STF cancela reintegração de posse de aldeia indígena em SP
Raquel Brandão |
Estadão Conteúdo – maio de 2015
Dois
meses depois da liminar da Justiça Federal que pedia a reintegração de
posse imediata da área da Tekoa Itakupe (em guarani mbya, itakupe
significa atrás da pedra, em referência ao Pico do Jaraguá), o
presidente do Supremo Tribunal Federal, Ricardo Lewandowski, decidiu
nesta sexta-feira, 15, pela suspensão da medida.

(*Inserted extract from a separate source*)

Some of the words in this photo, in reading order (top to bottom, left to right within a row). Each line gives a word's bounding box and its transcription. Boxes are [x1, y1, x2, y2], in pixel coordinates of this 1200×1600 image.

Antes da decisão, os
índios guarani que vivem na Terra Indígena (TI) do Jaraguá, assim
declarada pela Funai, teriam de desocupar o terreno a partir do dia 25,
como ficou decidido após uma reunião entre a Polícia Militar e Antônio
Tito Costa, que reclama a propriedade das terras.
"Entendo
prudente que a decisão judicial objeto desta suspensão seja
provisoriamente suspensa, neste momento, para que o juízo da 10ª Vara
Federal em São Paulo promova uma tentativa de conciliação entre as
partes ou, então, justifique eventual impossibilidade de levá-la a
efeito", publicou Lewandowski.
Apesar da reintegração ter sido suspensa, a ação judicial movida por Antonio Tito Costa em 2005 ainda deve ser sentenciada.
Disputa na Justiça
Em
março deste ano, a Justiça Federal determinou a reintegração imediata
do terreno. A determinação veio depois de um agravo solicitado pelo
advogado Antônio Tito Costa, que foi deputado federal e prefeito de São
Bernardo entre 1970 e 1990. A disputa pelo território está na Justiça
desde 2005, quando os indígenas ocuparam pela primeira vez o espaço.

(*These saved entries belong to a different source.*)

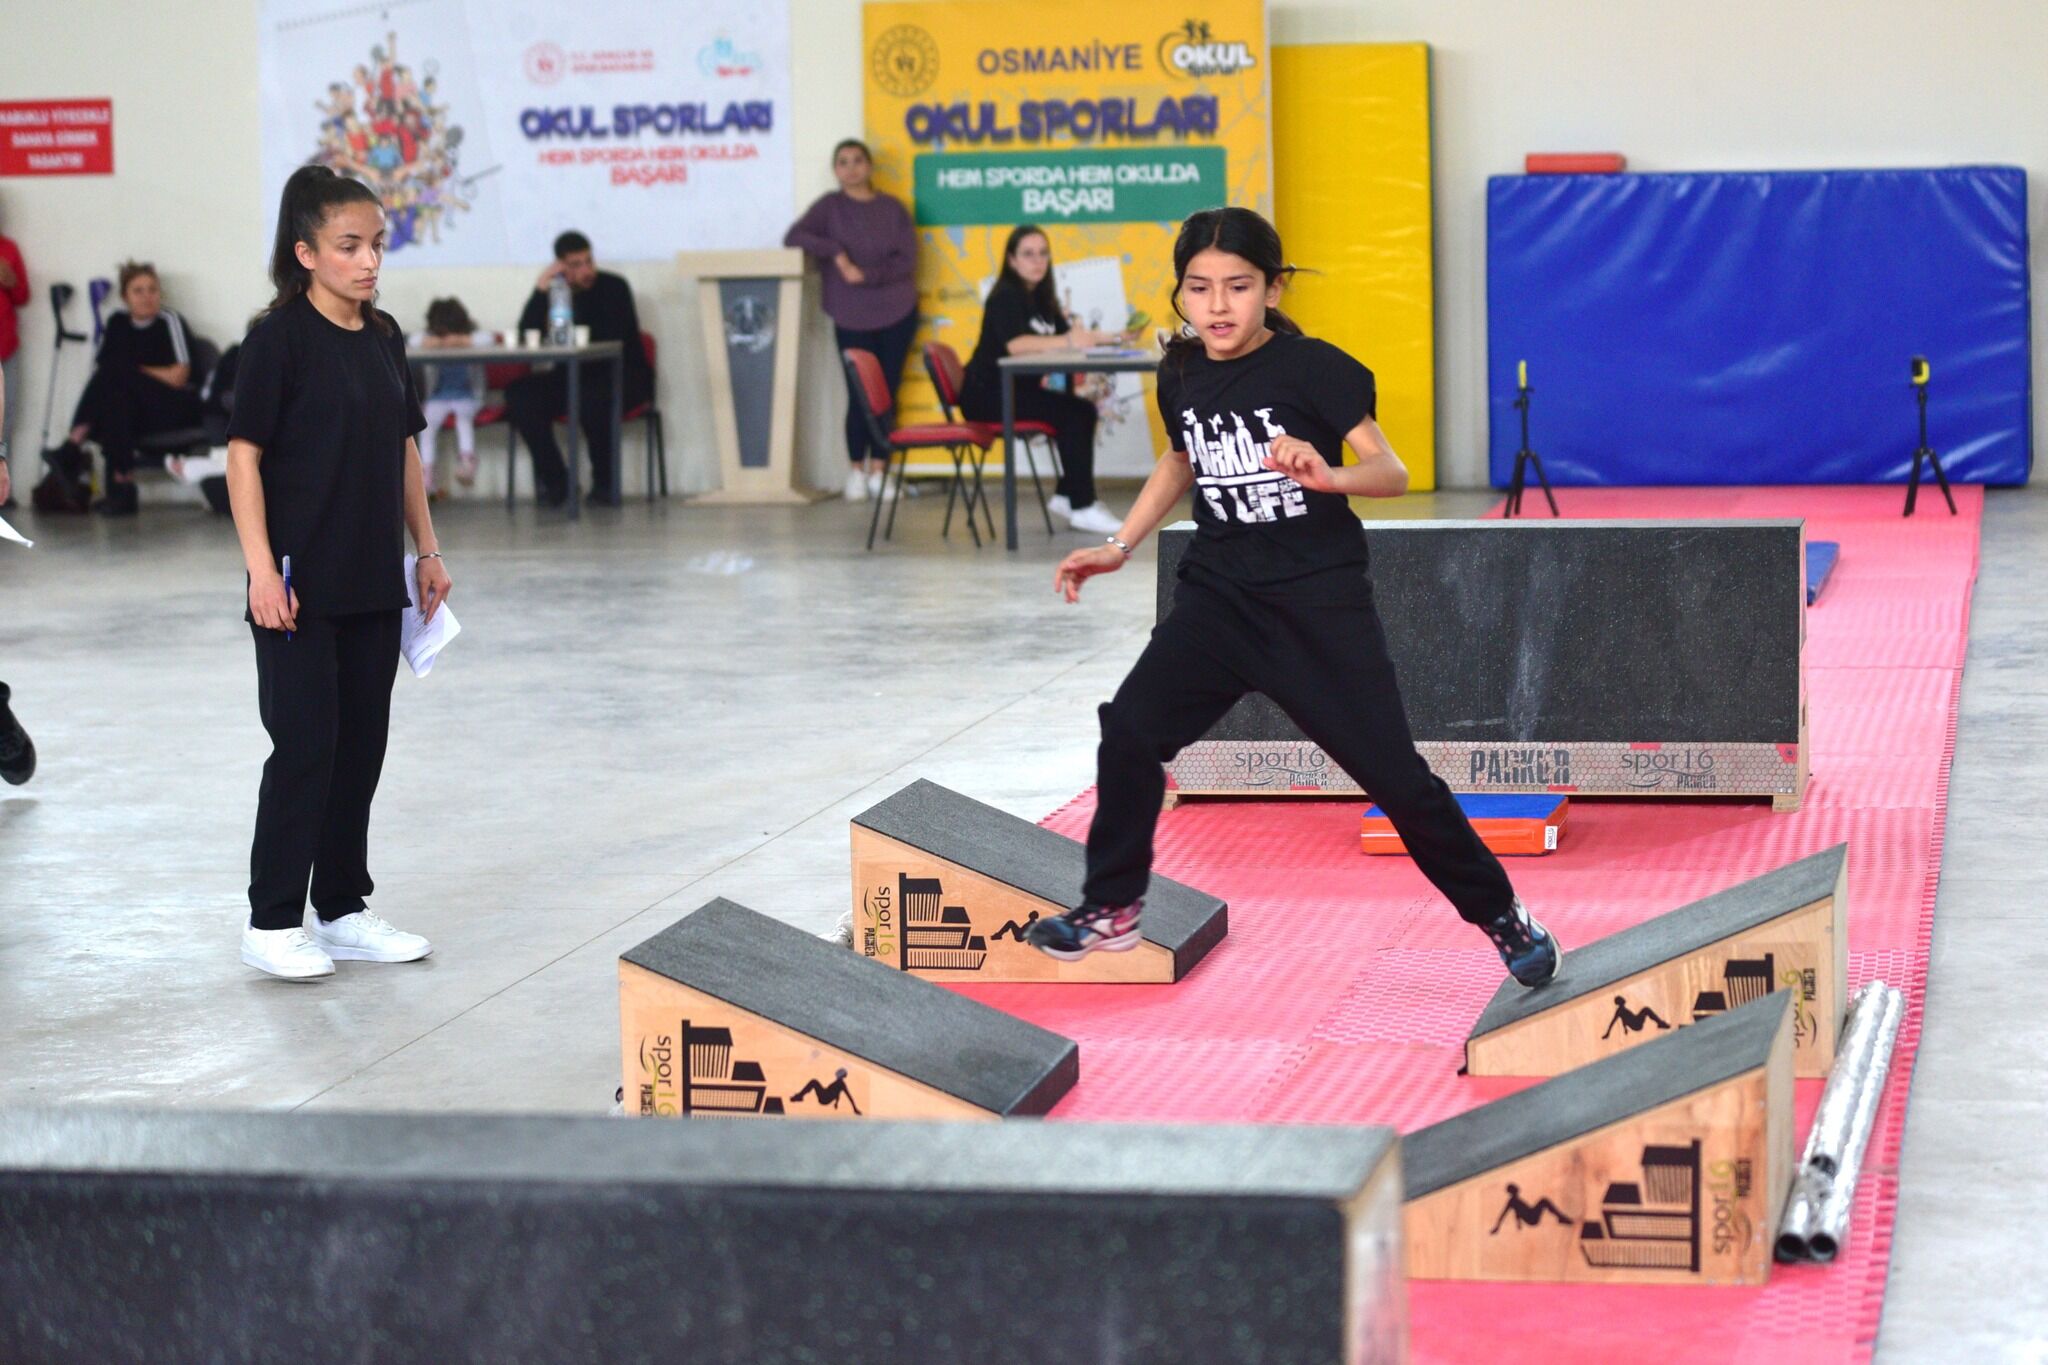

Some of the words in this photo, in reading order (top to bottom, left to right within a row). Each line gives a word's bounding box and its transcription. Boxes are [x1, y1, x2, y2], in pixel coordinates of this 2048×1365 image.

[977, 38, 1143, 75] OSMANİYE
[1172, 43, 1256, 69] OKUL
[518, 103, 607, 139] OKUL
[612, 100, 773, 138] SPORLARI
[904, 100, 1013, 144] OKUL
[1017, 94, 1220, 141] SPORLARI
[610, 163, 687, 187] BAŞARI
[938, 168, 983, 189] HEM
[986, 166, 1066, 188] SPORDA
[1069, 164, 1114, 185] HEM
[1116, 162, 1200, 184] OKULDA
[1022, 187, 1115, 217] BAŞARI

"Nós ficamos seis meses aqui, mas naquela época não tínhamos apoio",
explica o cacique Ari Augusto Martim.
Em
24 de abril de 2013, o despacho nº 544 da então presidente da Funai,
Marta Maria do Amaral Azevedo, delimitou a TI do Jaraguá: um território
de 532 hectares que se expande pela aldeia Tekoa Ytu, já demarcada, por
sítios da região, incluindo o terreno reclamado por Tito Costa e,
também, por uma área do Parque Estadual do Jaraguá.
A área de 72 hectares teria sido adquirida pela família da falecida mulher de Tito Costa e um sócio, em 1947. "Nossa área nunca foi habitada por índios. A Constituição diz que terras indígenas aquelas que são habitualmente ocupadas por índios e que nelas produzem. Está inteiramente fora dos critérios da Constituição. Esse laudo da Funai é só um laudo antropológico."
Apesar
da TI Jaraguá ser considerada território tradicional pela Funai desde
2013, ainda não foi publicada portaria declaratória pelo Ministério da
Justiça (MJ) e, por consequência, tampouco houve a homologação da
Presidência da República. De acordo com o MJ, "o processo de demarcação
da Terra Indígena Jaraguá foi restituído à Funai para cumprimento de
diligências e retornou no dia 30 de janeiro de 2015 ao Ministério da
Justiça, onde está sob análise da Consultoria Jurídica."
A menor aldeia do Brasil
Segundo
a Funai, 600 indígenas vivem na TI Jaraguá, sendo 42,6% de crianças de
até 10 anos. É nessa região que está a menor terra indígena já demarcada
no País, a aldeia Tekoa Ytu, com 1,7 hectare. Sua demarcação foi feita
em 1987, antes da atual Constituição, que promoveu mudanças nas
demarcações de territórios tradicionais.
A
extrema restrição de terreno é determinante para os indígenas, que
vivem da agricultura, e é o que mais os motiva a lutar pela demarcação
do território tradicional. "É uma terra muito pequena e que não é
apropriada para se manter a tradição guarani. Toda nossa história é por
meio do alimento sagrado", explica Karai Popygua, nome guarani de David
Martim, morador e professor na aldeia. Hoje, além de não terem espaço
para plantar, os guaranis enfrentam a superlotação e condições
precárias, como falta de tratamento de esgoto e excesso de cães, que
constantemente são abandonados no local.
Apesar
das atuais famílias guaranis terem se estabelecido na TI Jaraguá em
1950, segundo o relatório da Funai, a documentação história indica que o
terreno é composto por terras vinculadas ao antigo aldeamento de
Barueri, do século 17, o que tornaria o terreno tradicionalmente
indígena. Essa também foi a análise da pericia isenta solicitada pela
Justiça na ação. De acordo com resposta enviada pela Funai à reportagem
do Estado, "a perícia judicial atesta as conclusões da Funai de que a
área em litígio é de ocupação tradicional Guarani".
Além
da Tekoa Ytu, desde a década de 1990, os guaranis ocupam 3 hectares na
Tekoa Pyau - sob litígio - que fica ao lado e que antes dedicavam apenas
à plantação.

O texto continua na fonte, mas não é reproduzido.